» INSTRUCTIONS FOR THE TASK
Take the lines from the one with "Some of the words" through the last line of the material below and write them out exactly, without any pictures.

» RECORDS SUPPLIED
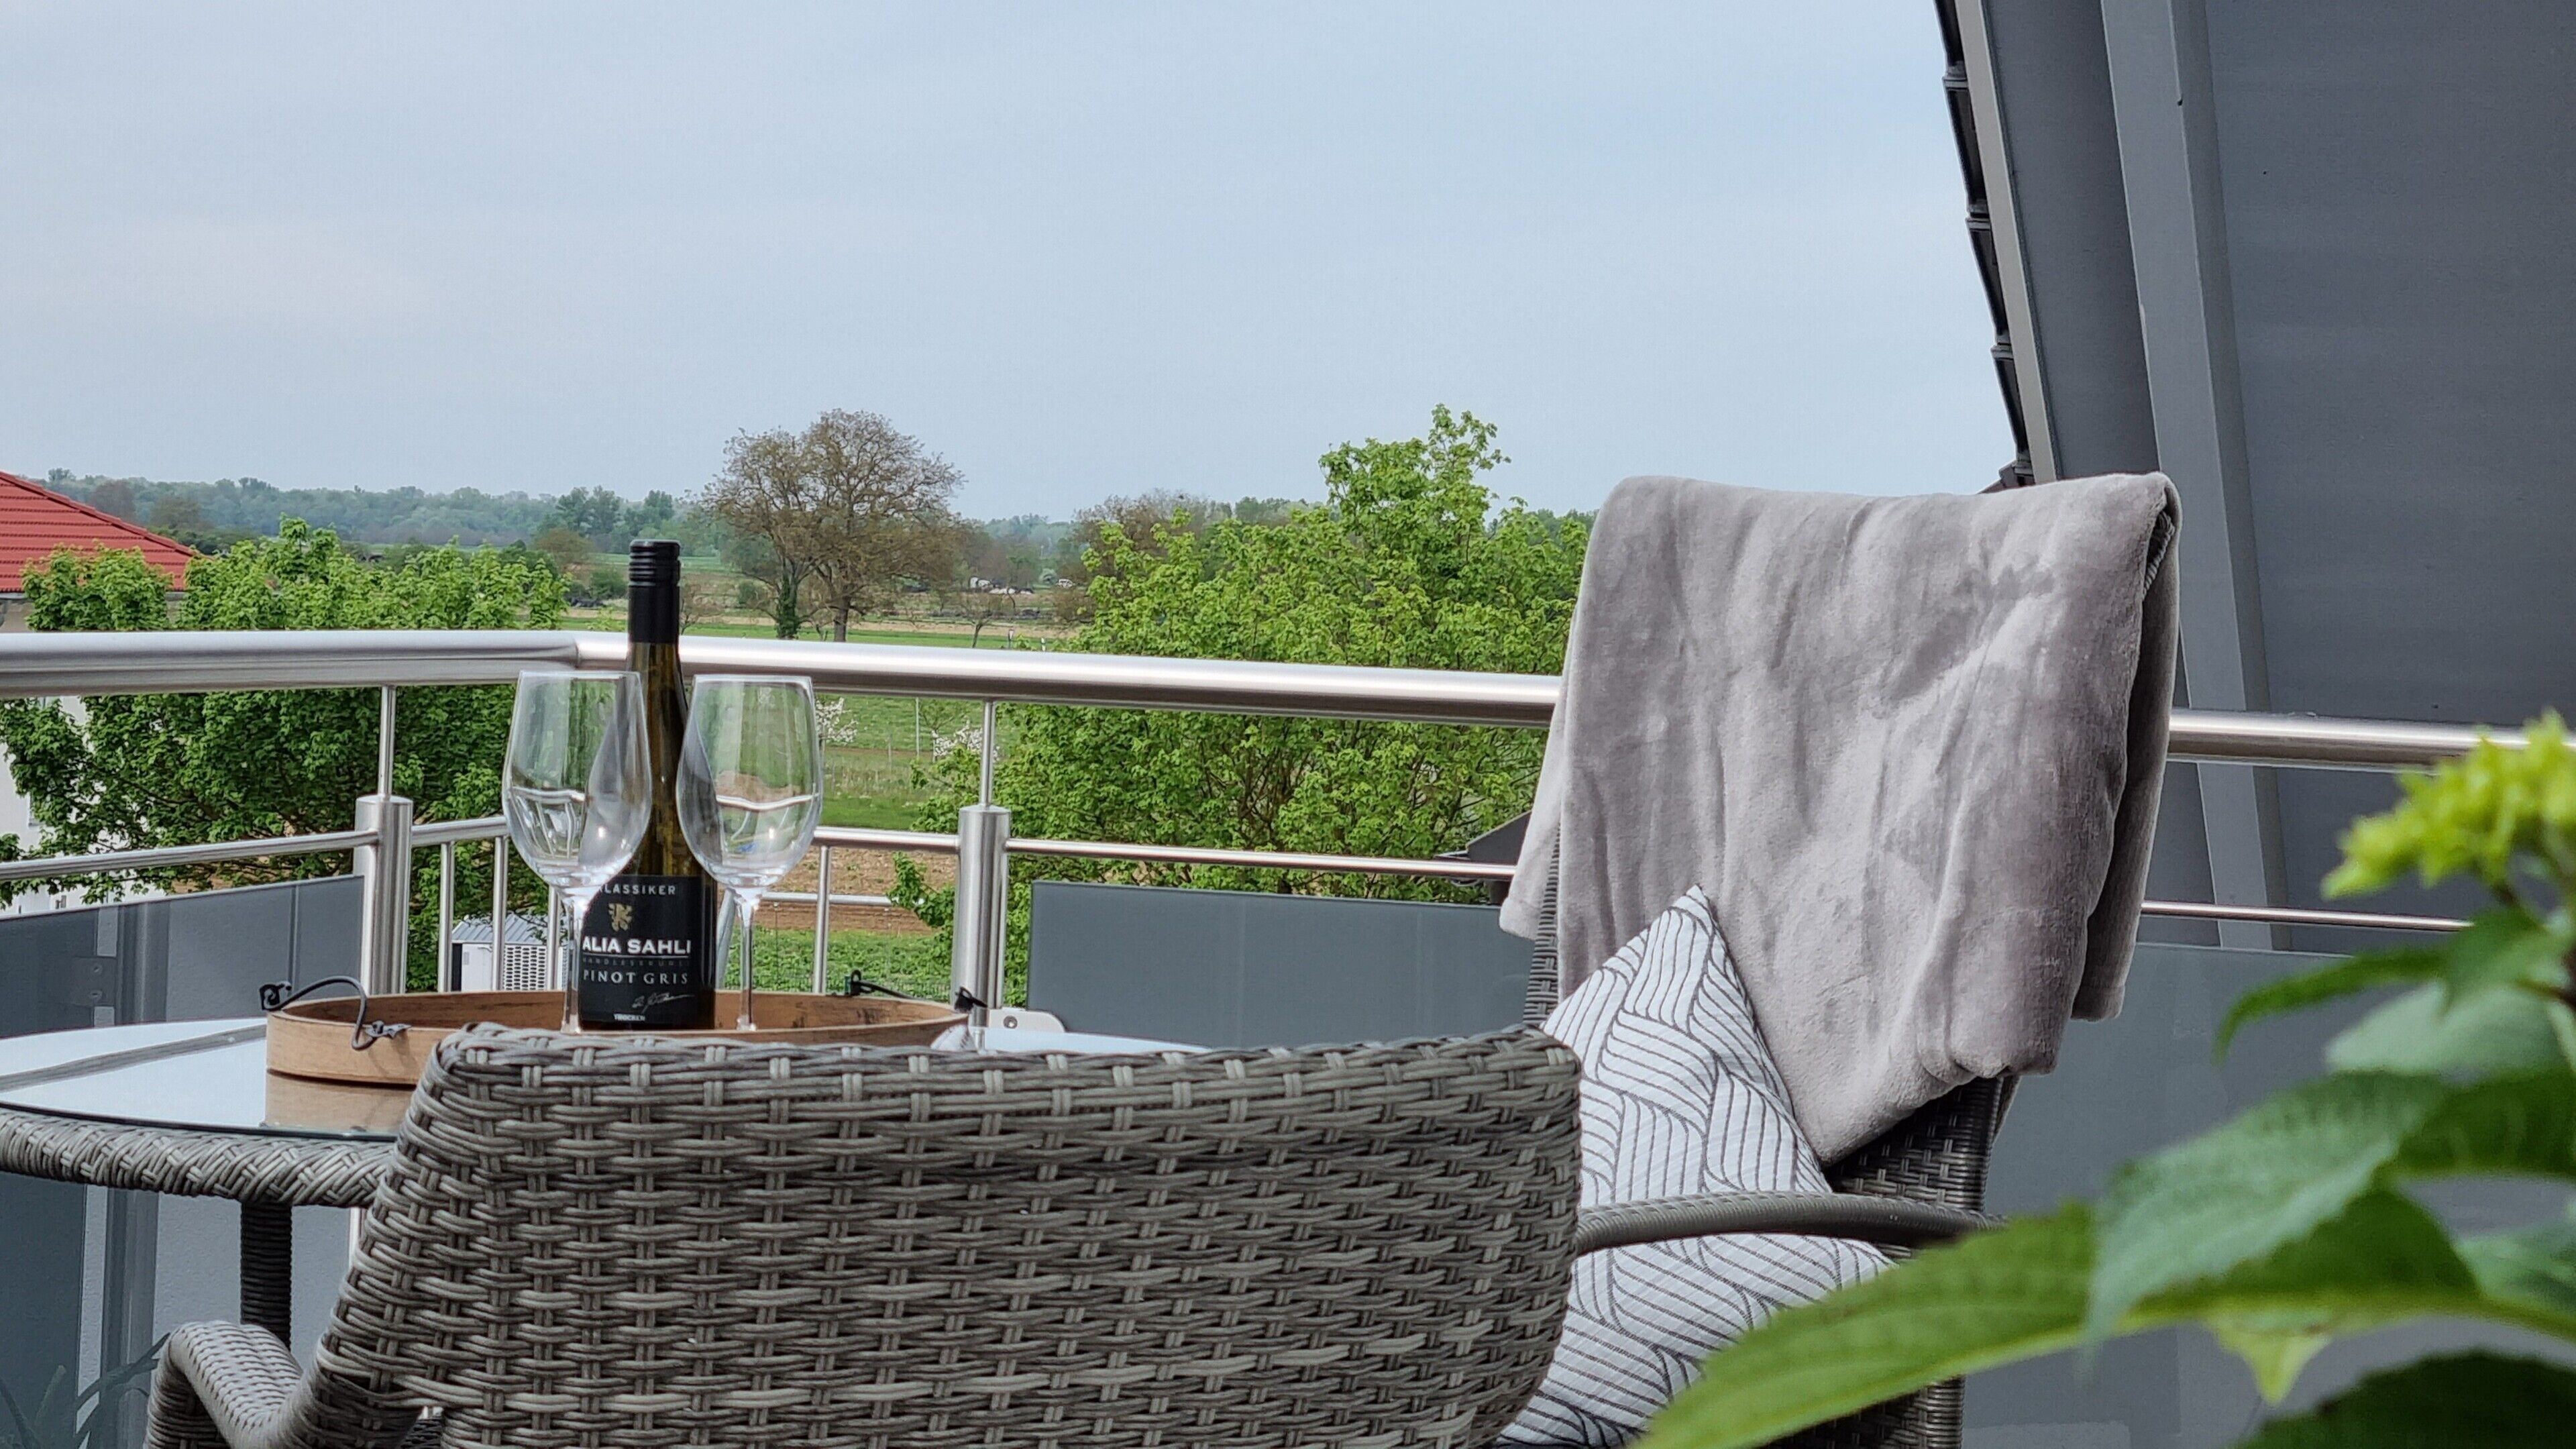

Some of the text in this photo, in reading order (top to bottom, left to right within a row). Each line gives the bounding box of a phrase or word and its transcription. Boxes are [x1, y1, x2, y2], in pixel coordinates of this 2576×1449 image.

[582, 936, 621, 953] ALIA
[583, 969, 688, 985] PINOT GRIS
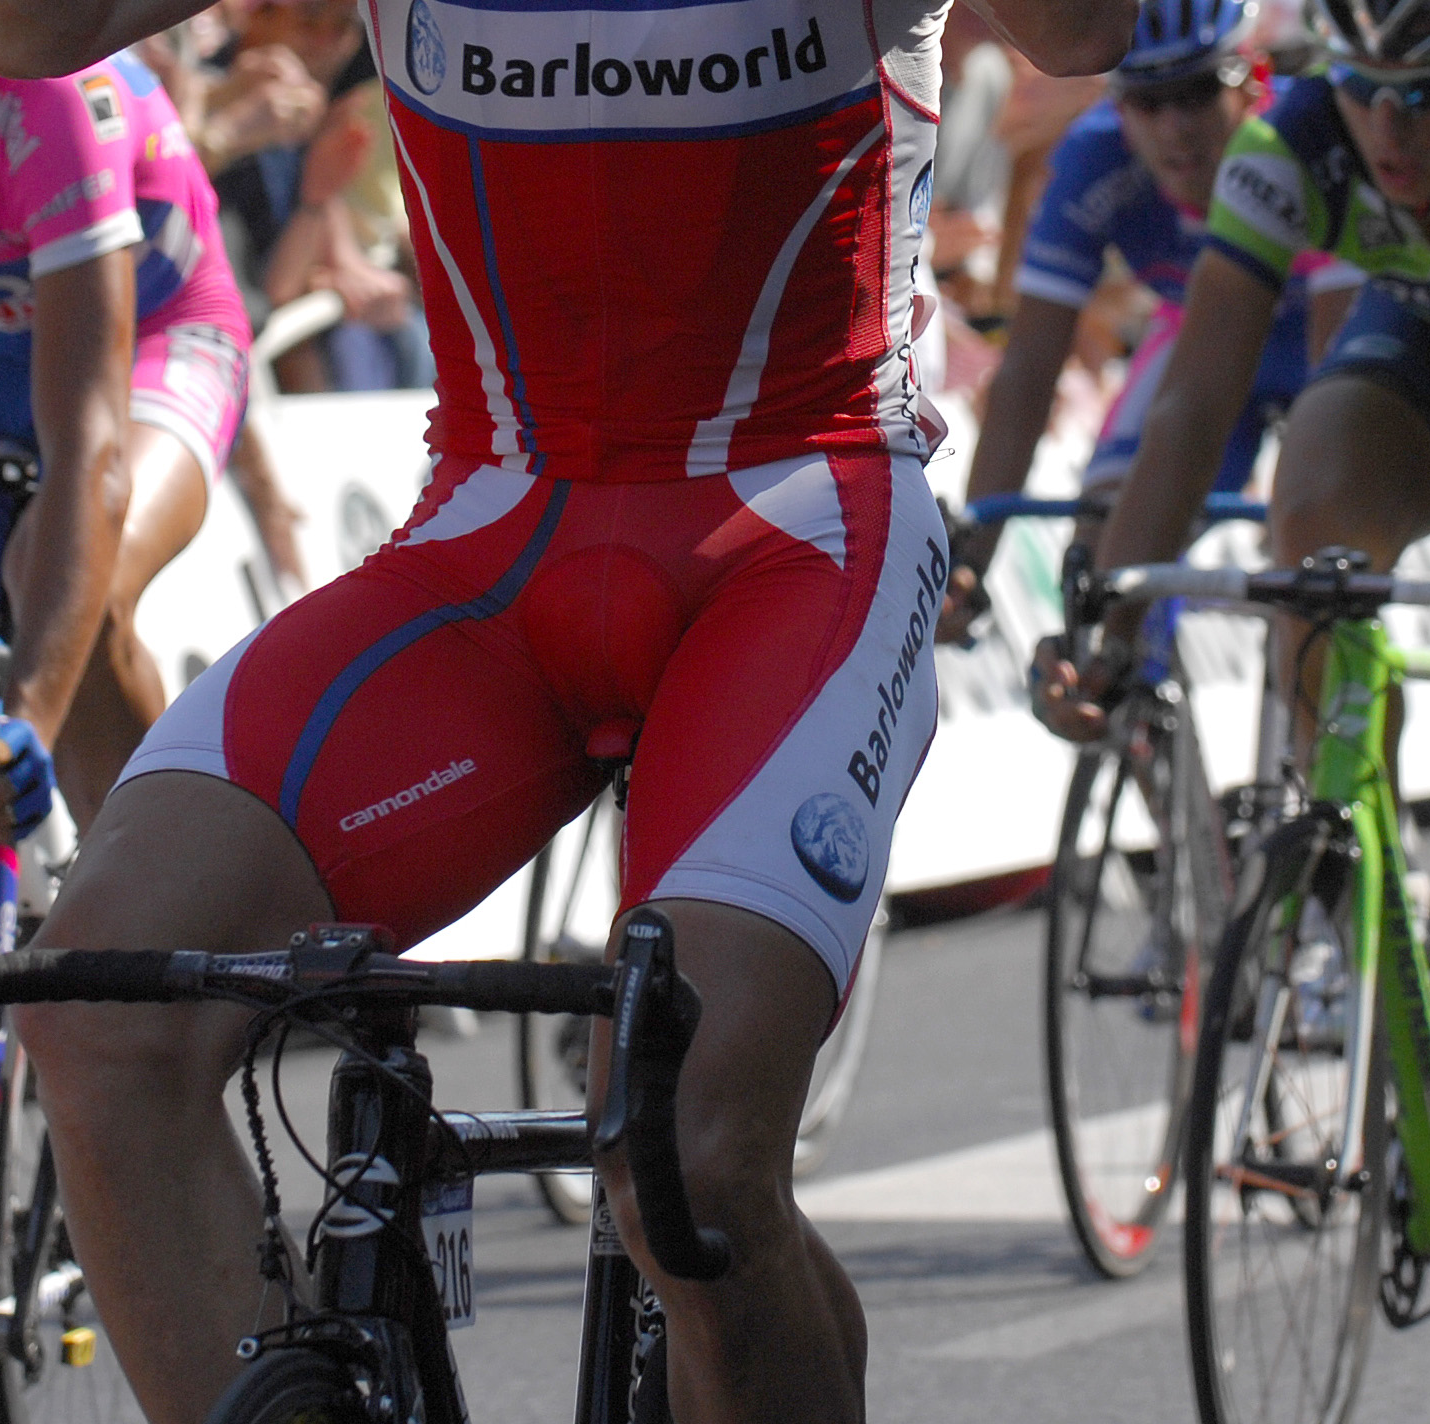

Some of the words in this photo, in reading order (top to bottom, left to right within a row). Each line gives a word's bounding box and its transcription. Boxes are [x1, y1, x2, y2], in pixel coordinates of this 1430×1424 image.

[461, 15, 828, 99] Barloworld
[846, 536, 948, 810] Barloworld
[338, 757, 478, 833] cannondale
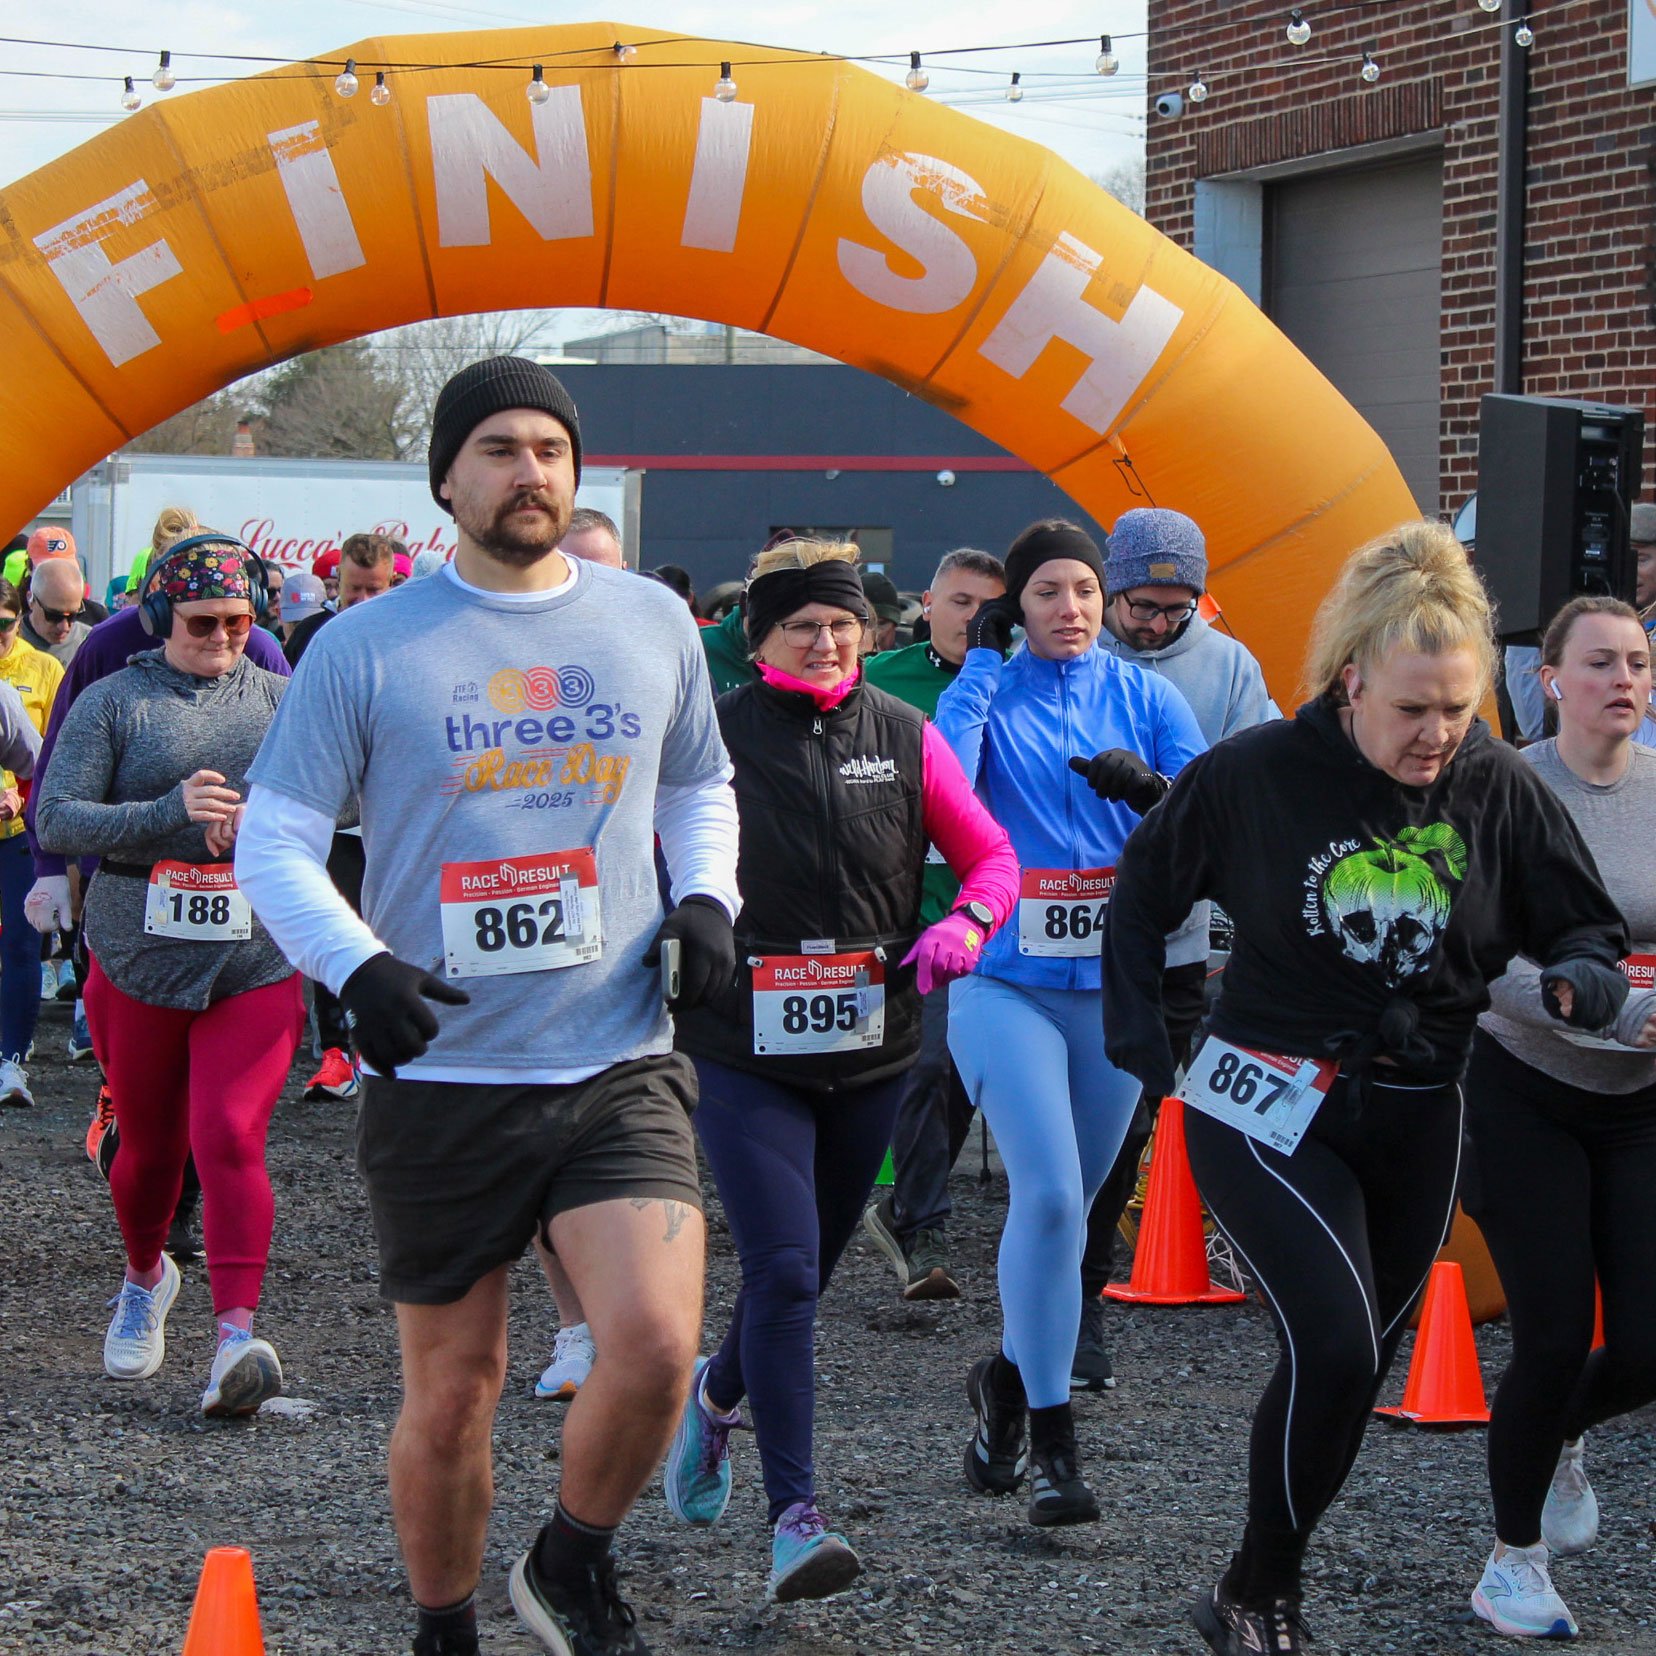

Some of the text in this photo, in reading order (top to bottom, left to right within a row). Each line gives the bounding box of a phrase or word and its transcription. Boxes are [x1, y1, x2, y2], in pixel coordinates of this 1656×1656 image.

» TASK OUTPUT
Some of the words in this photo, in reading order (top to bottom, left to right within a row). Each line gives a word's bounding box and its transcription. Boxes are [x1, y1, x2, y2], in pixel coordinates of this 1430×1424 image.

[461, 15, 828, 99] Barloworld
[846, 536, 948, 810] Barloworld
[338, 757, 478, 833] cannondale

Some of the text in this photo, in reading order (top to bottom, left to right within a row). Each line gives the bounding box of a phrase or word and its transcription. Boxes are [x1, y1, x2, y2], in pixel coordinates of this 1656×1656 image.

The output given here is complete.